The marriage is usually not for her, it is for the man. The proof is in the preparation. It is one-sided. The woman is prepared all her life to be everything a man wants, she is taught how to cook, clean, keep a good home, how to treat her in-laws, how to raise children, how to talk to her husband and in some cultures how to please him sexually.
The result therefore is a fully prepared wife and an unprepared husband, and somehow, she is magically expected to make the marriage work.
She is told to be a house wife, so the children can be well raised and her husband can be properly and duly attended to. But then, he doesn’t respect her because she is totally dependent on him.
She decides to work. He complains about the hours at work.
She is told to cook for her husband, but she just wishes he would cook for her once in a while so she can feel special. She makes her desire known, he threatens to take himself to another woman who will not mind doing all the cooking.
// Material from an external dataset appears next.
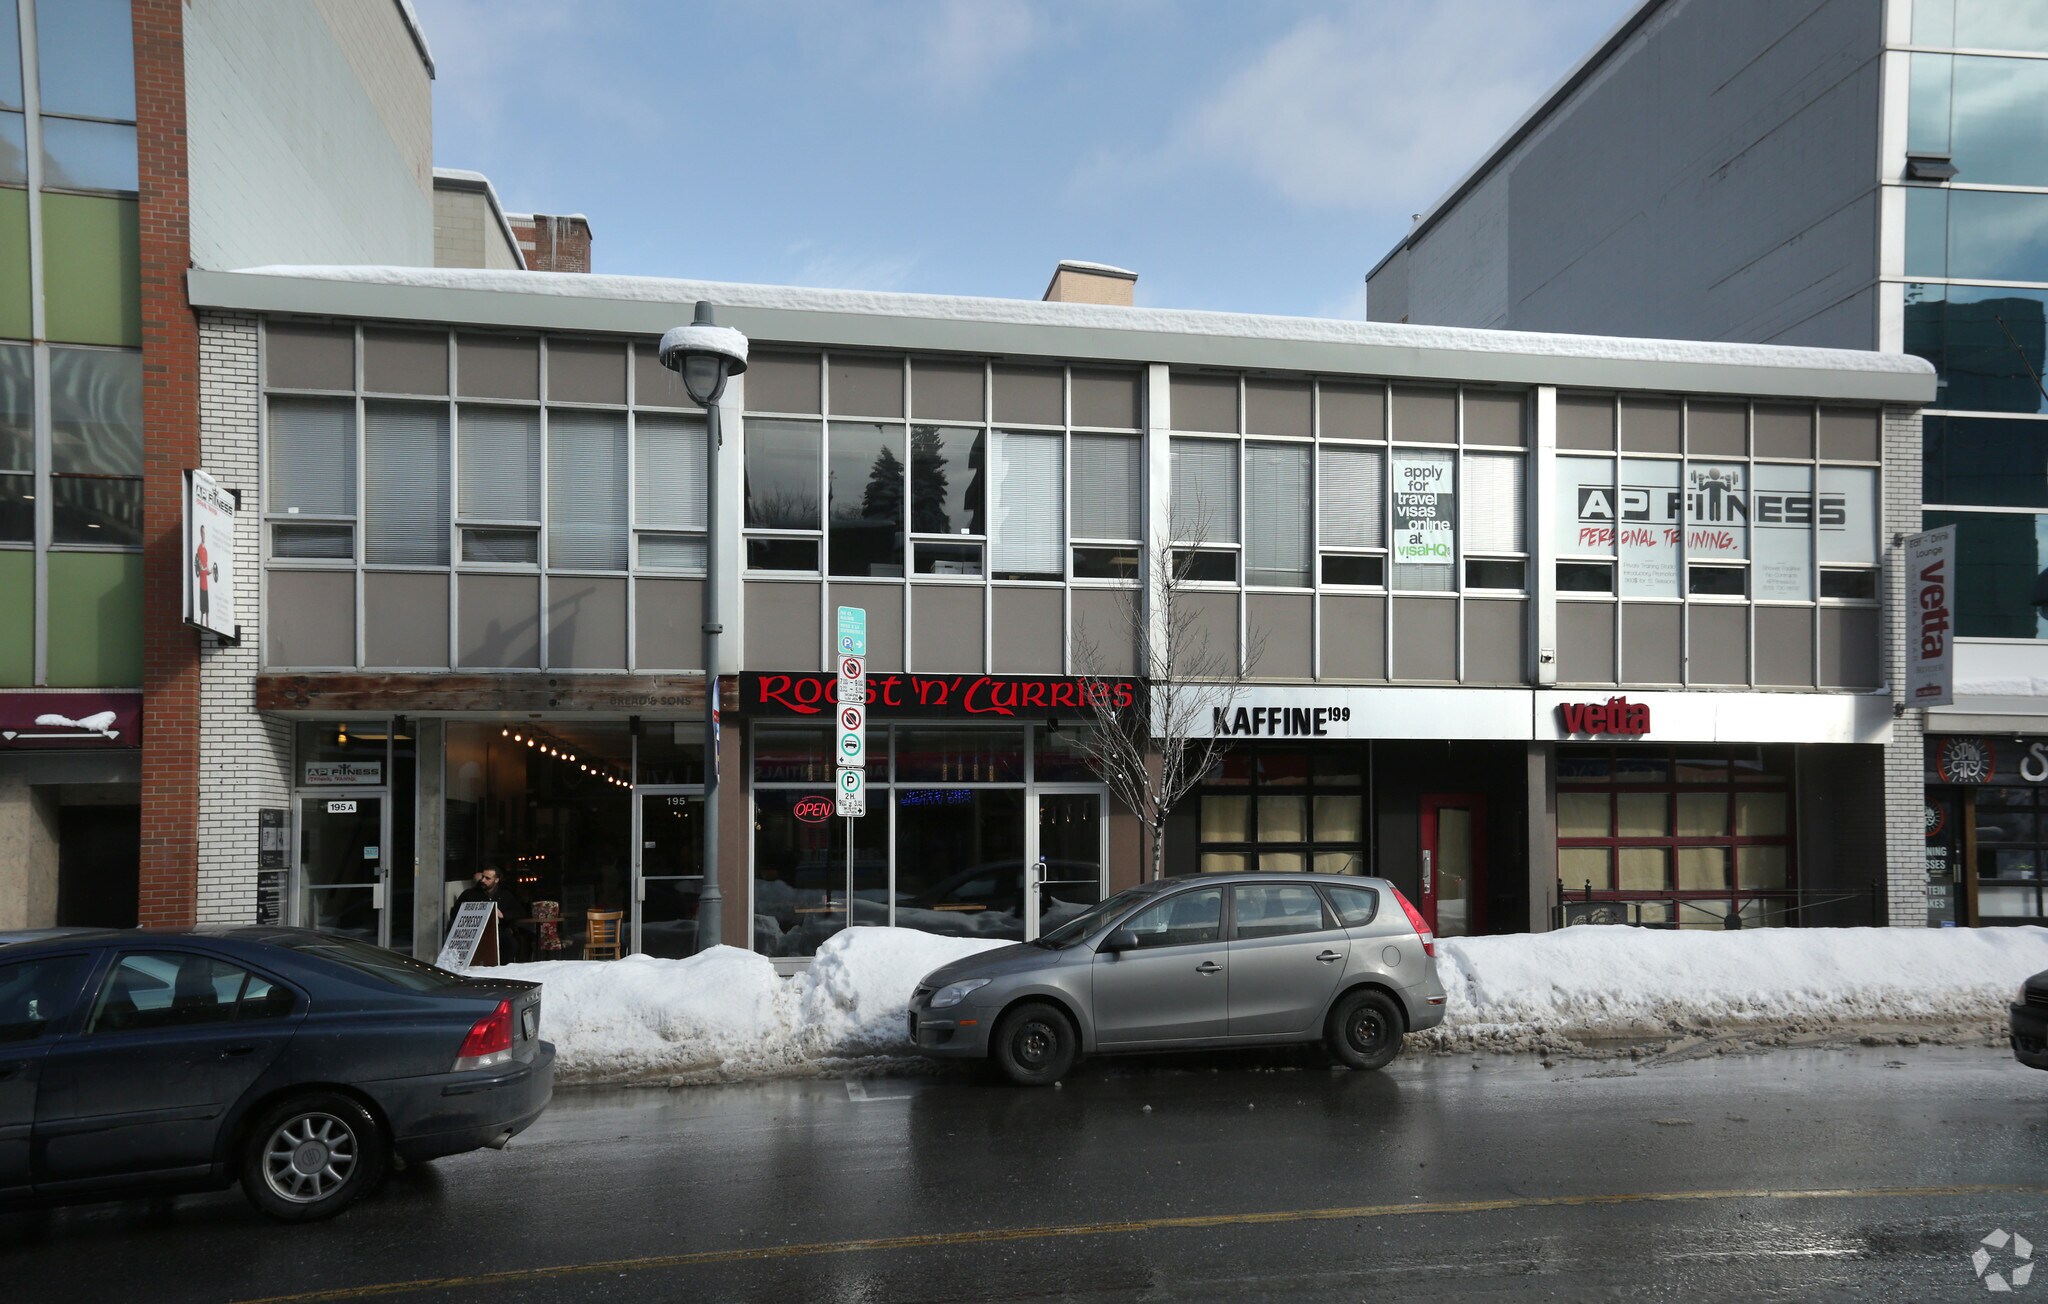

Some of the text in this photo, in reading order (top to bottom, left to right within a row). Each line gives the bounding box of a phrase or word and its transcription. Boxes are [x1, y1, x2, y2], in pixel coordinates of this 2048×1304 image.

Ironically, he says, “baby, I don’t want you stressing yourself with cooking, let us eat out” to the woman he is cheating on her with.
She is told to keep mute and allow him make all the decisions, as that is what good and submissive wives do. She listens. Only, he soon realizes he doesn’t want a boring wife and the way she agrees with everything bores him to death.
She decides to start arguing. He soon complains about the lack of respect towards him.
She is told to be “bad” with her husband in bed. Men want it in different styles and they need you to be creative in bed matters. She listens. He suspects her of being a call girl in her other life.
She decides to let him initiates sex, so she can be the little miss innocent he seems to want. He accuses her of an insipid sex life.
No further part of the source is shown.